Change 4 – Fewer, larger standards

With more credits available in each subject than can fit into a single course, it is hard to identify the most significant learning in a learning area. The huge number of assessments has also led to increased workloads for students and teachers.

What we've heard

We’ve heard that the number of assessment events each year leads to increased workload for students. Excessive numbers of internals can also drive teacher workload, as they bear the main burden of designing, delivering, marking and moderating internal assessment.

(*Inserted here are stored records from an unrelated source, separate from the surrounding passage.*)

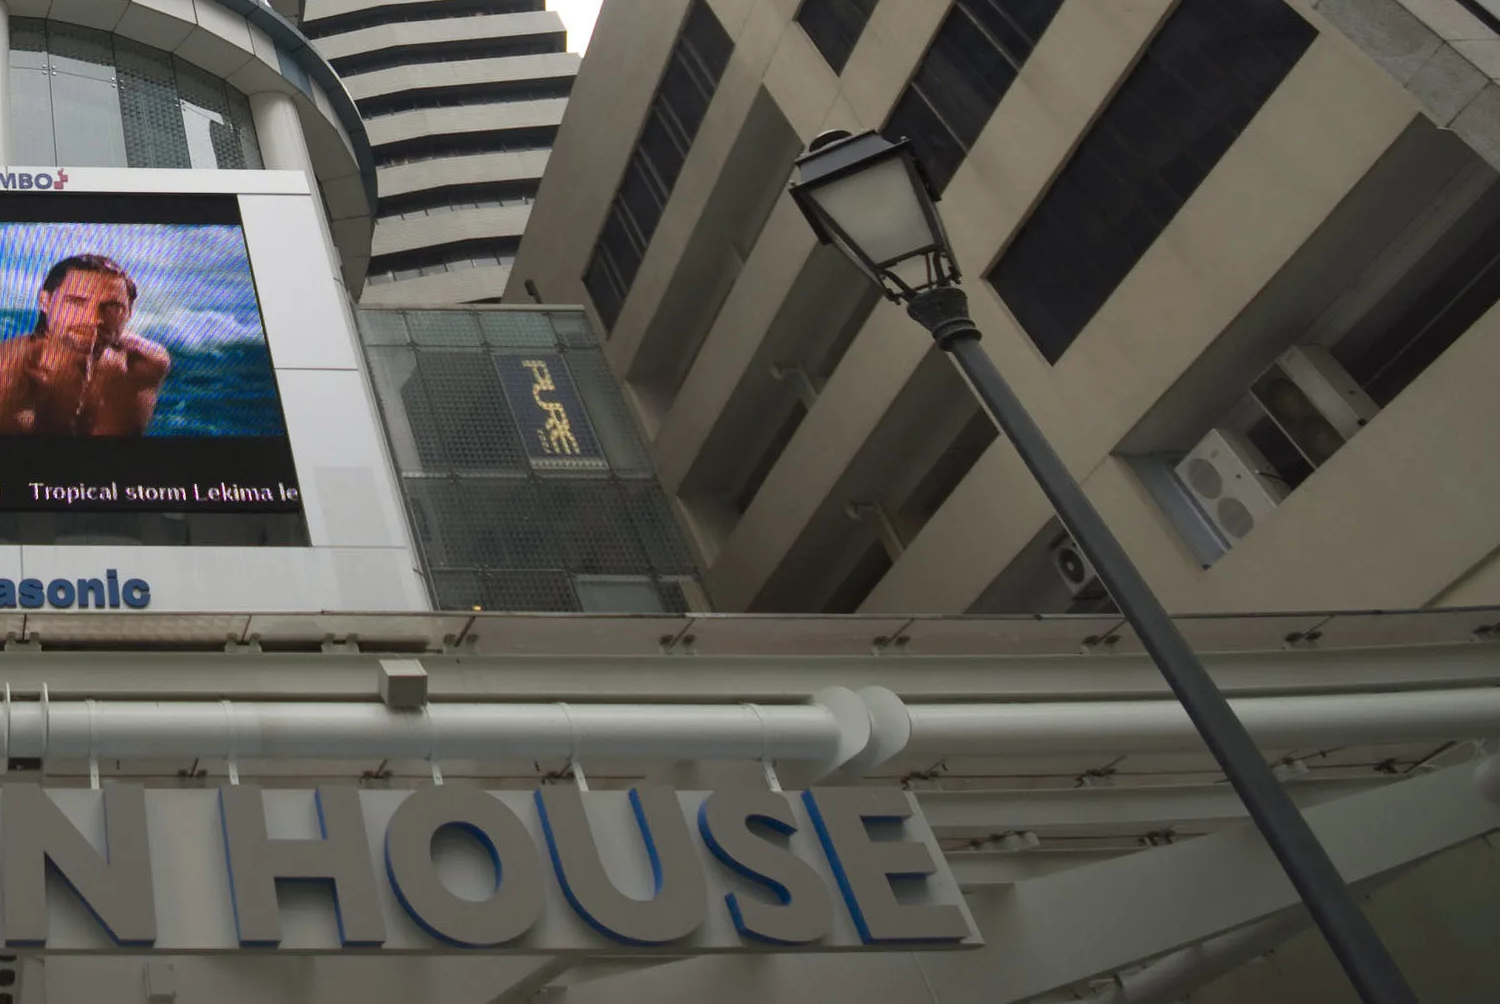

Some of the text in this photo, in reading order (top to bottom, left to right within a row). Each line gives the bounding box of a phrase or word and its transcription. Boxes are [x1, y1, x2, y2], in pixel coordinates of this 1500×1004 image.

[522, 359, 580, 454] PURE
[29, 482, 118, 504] Tropical
[125, 485, 187, 501] storm
[194, 482, 274, 502] Lekima
[218, 783, 970, 946] HOUSE

We’ve also heard that vocational education and training is not seen to have the same status as traditionally ‘academic’ programmes of learning.

Key changes

  • Rebuild the standards within each subject or field of study so there are fewer of them, but each standard covers a broader range of knowledge, skills and capabilities. Each standard will be worth 4-6 credits, with a total of 20 credits per subject.
  • Ensure the number of credits available from internally and externally assessed standards is better balanced.
    • Expand the range of external assessments available, beyond just exams. This will include things like portfolios, reports, investigations, performances or common assessment tasks.
  • Ensure that different sources of knowledge, including mātauranga Māori, vocational and Pacific people’s knowledge, will be recognised by new and existing subjects and curriculum supports, where appropriate.
  • We will work with relevant industry bodies to explore what ‘fewer, larger standards’ should look like in vocational courses offered in schools and foundation tertiary settings, and how we can best ensure these are valued equally with other kinds of learning.
  • Strengthen industry-derived standards (as part of the Reform of Vocational Education) to support the development of coherent vocational learning packages within NCEA.
  • Expand course endorsements to include Achieved as well as Merit and Excellence grades.
  • All registered courses will need to have a course description explaining their focus, and how they might fit into the student’s future pathway and overall learning.